• Your instructions: In your copy, leave out the pictures and repeat every record exactly.

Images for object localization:
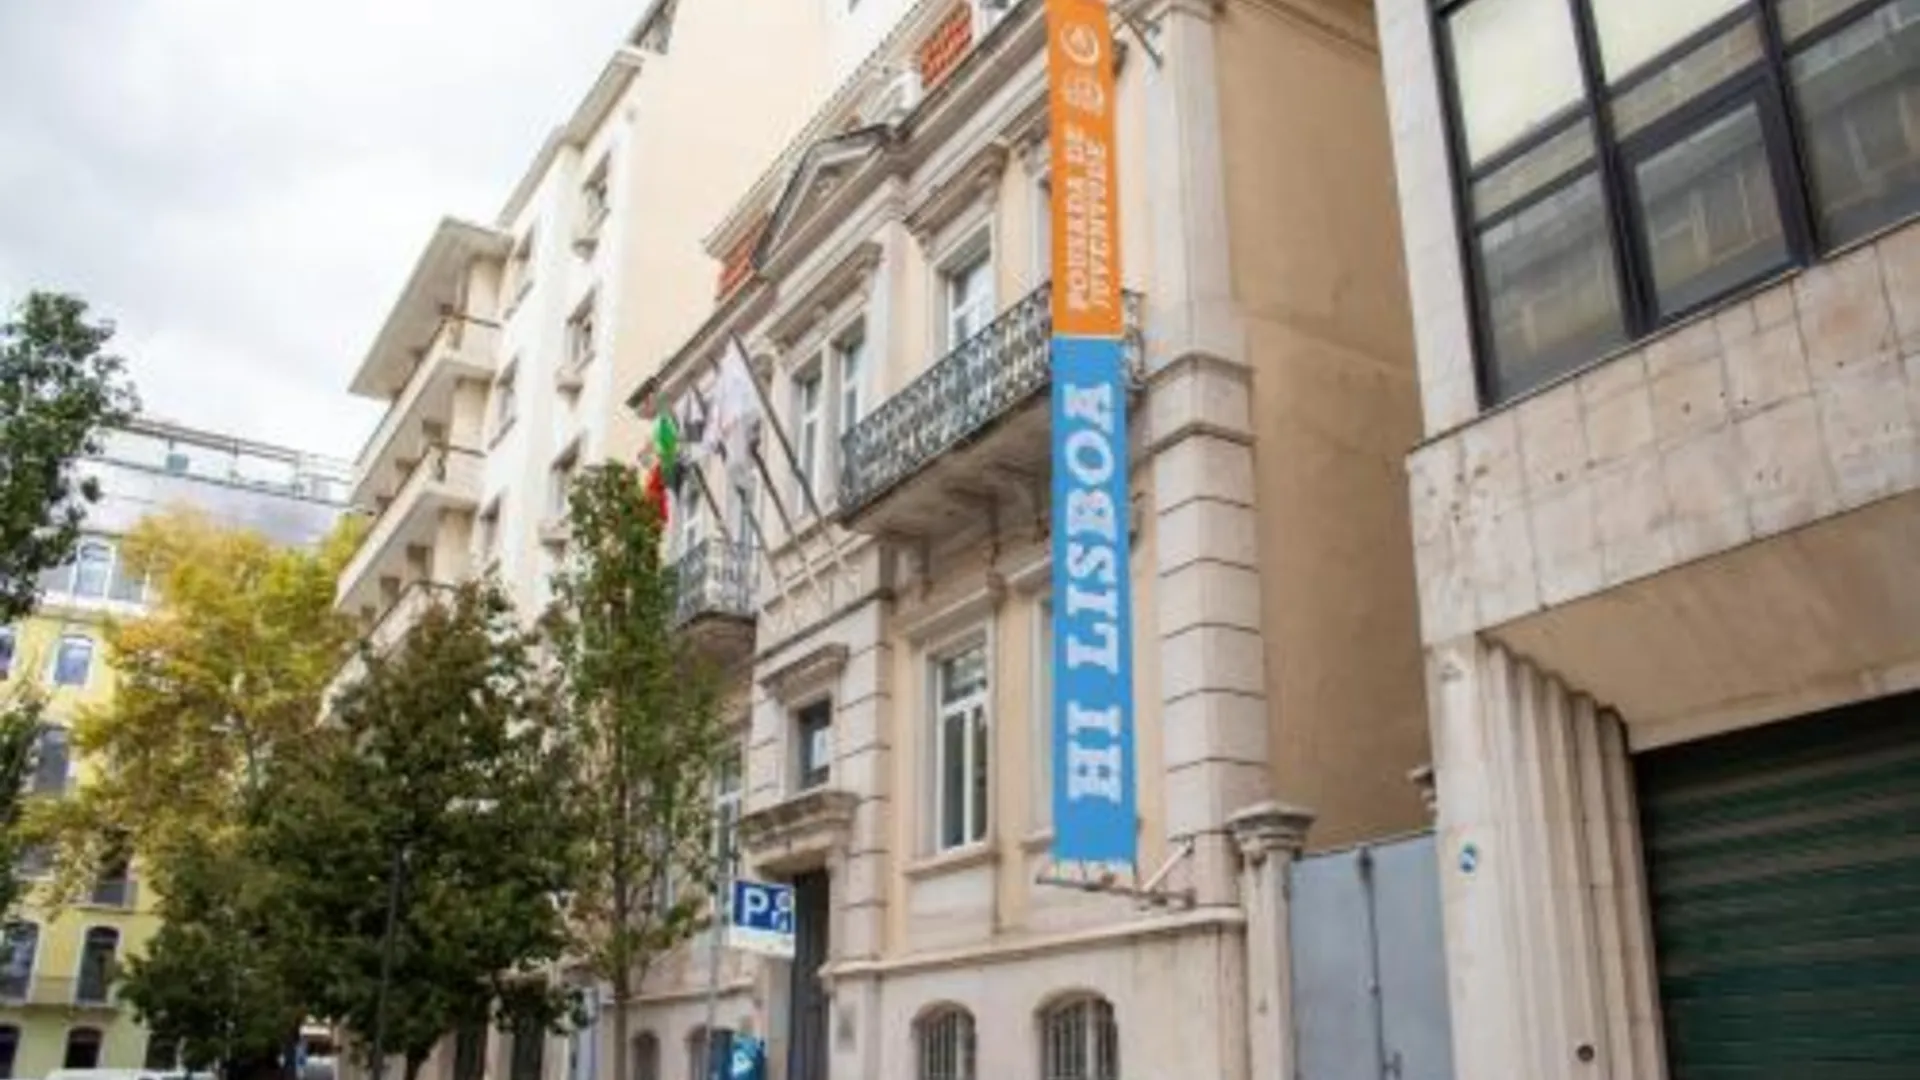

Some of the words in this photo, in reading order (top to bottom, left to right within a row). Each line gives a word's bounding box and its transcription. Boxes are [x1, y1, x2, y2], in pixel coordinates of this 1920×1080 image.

[1064, 383, 1119, 676] LISBOA
[1067, 702, 1122, 803] HI
[744, 886, 769, 925] P
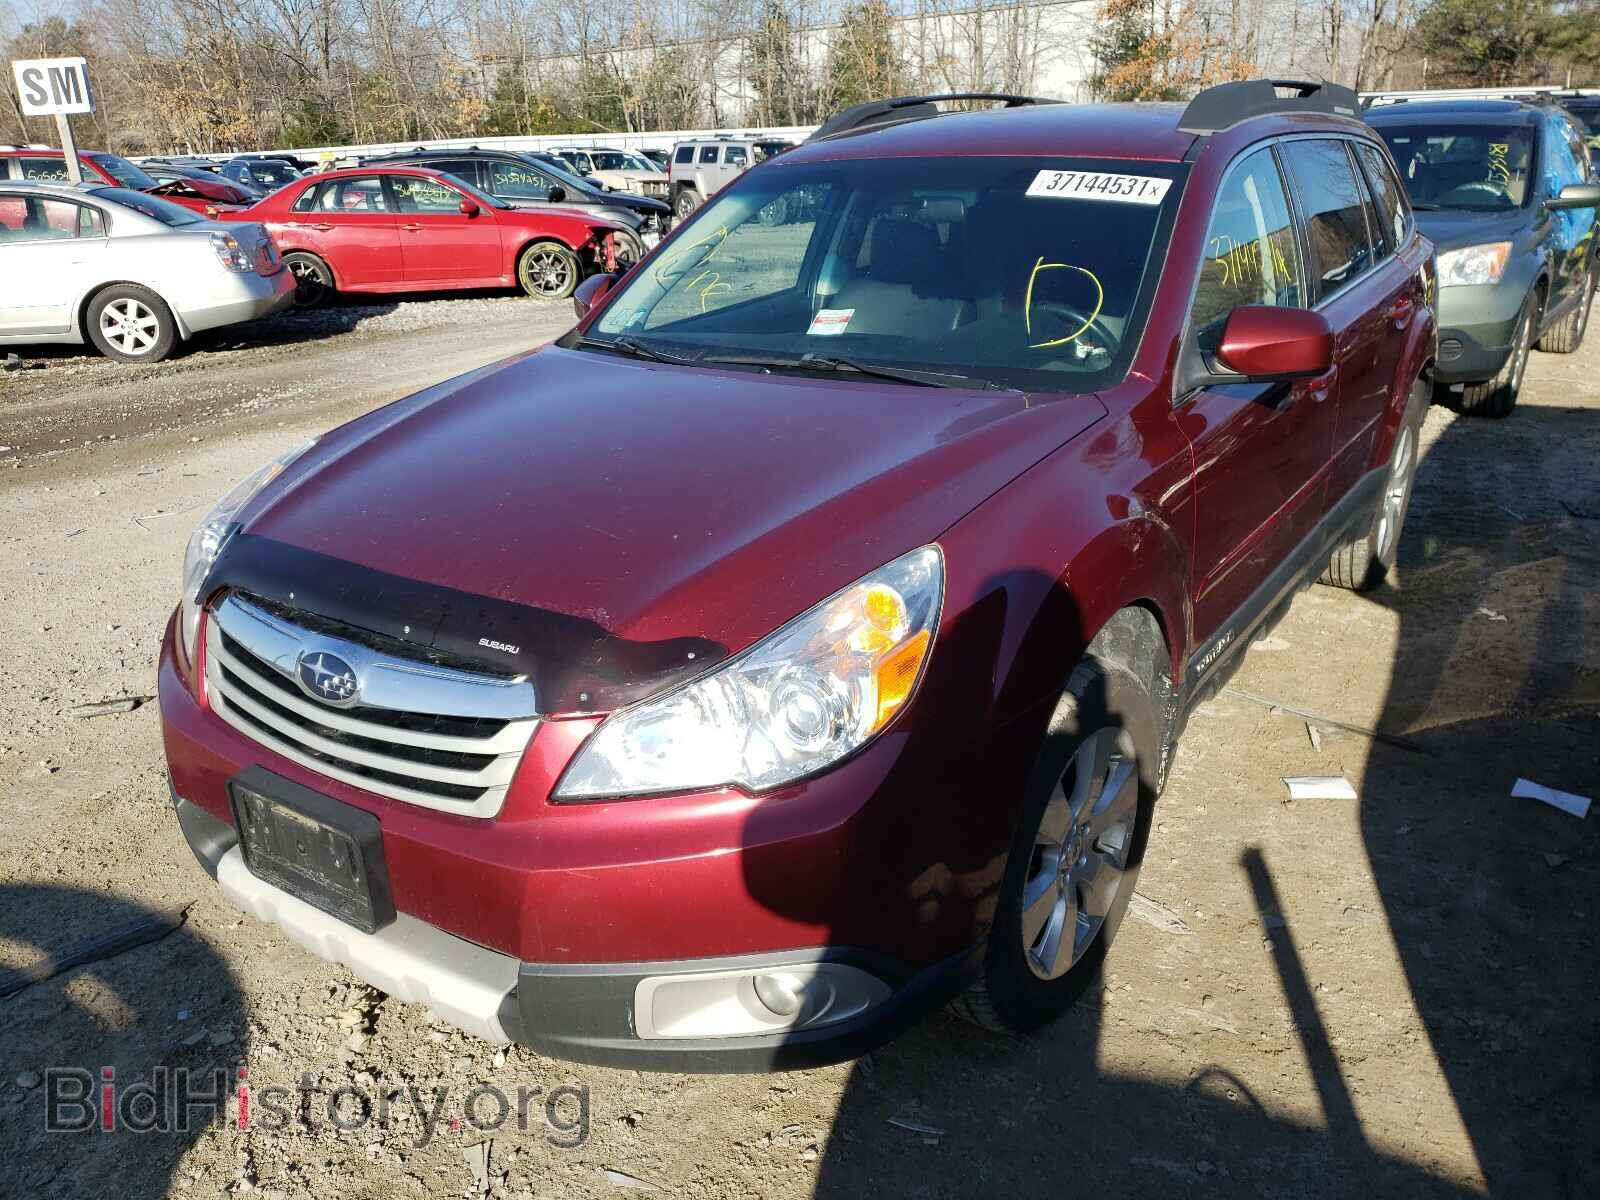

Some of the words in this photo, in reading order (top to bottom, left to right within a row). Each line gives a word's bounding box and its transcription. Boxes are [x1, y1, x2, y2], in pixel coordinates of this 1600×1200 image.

[22, 66, 83, 106] SM
[1046, 172, 1150, 197] 37144531
[1025, 256, 1104, 348] D
[478, 637, 520, 654] SUBARU

• Answer below:
Some of the words in this photo, in reading order (top to bottom, left to right within a row). Each line gives a word's bounding box and its transcription. Boxes are [x1, y1, x2, y2], in pixel coordinates of this 1920×1080 image.

[1064, 383, 1119, 676] LISBOA
[1067, 702, 1122, 803] HI
[744, 886, 769, 925] P

Some of the words in this photo, in reading order (top to bottom, left to right within a row). Each line gives a word's bounding box and its transcription. Boxes are [x1, y1, x2, y2], in pixel coordinates of this 1600×1200 image.

[22, 66, 83, 106] SM
[1046, 172, 1150, 197] 37144531
[1025, 256, 1104, 348] D
[478, 637, 520, 654] SUBARU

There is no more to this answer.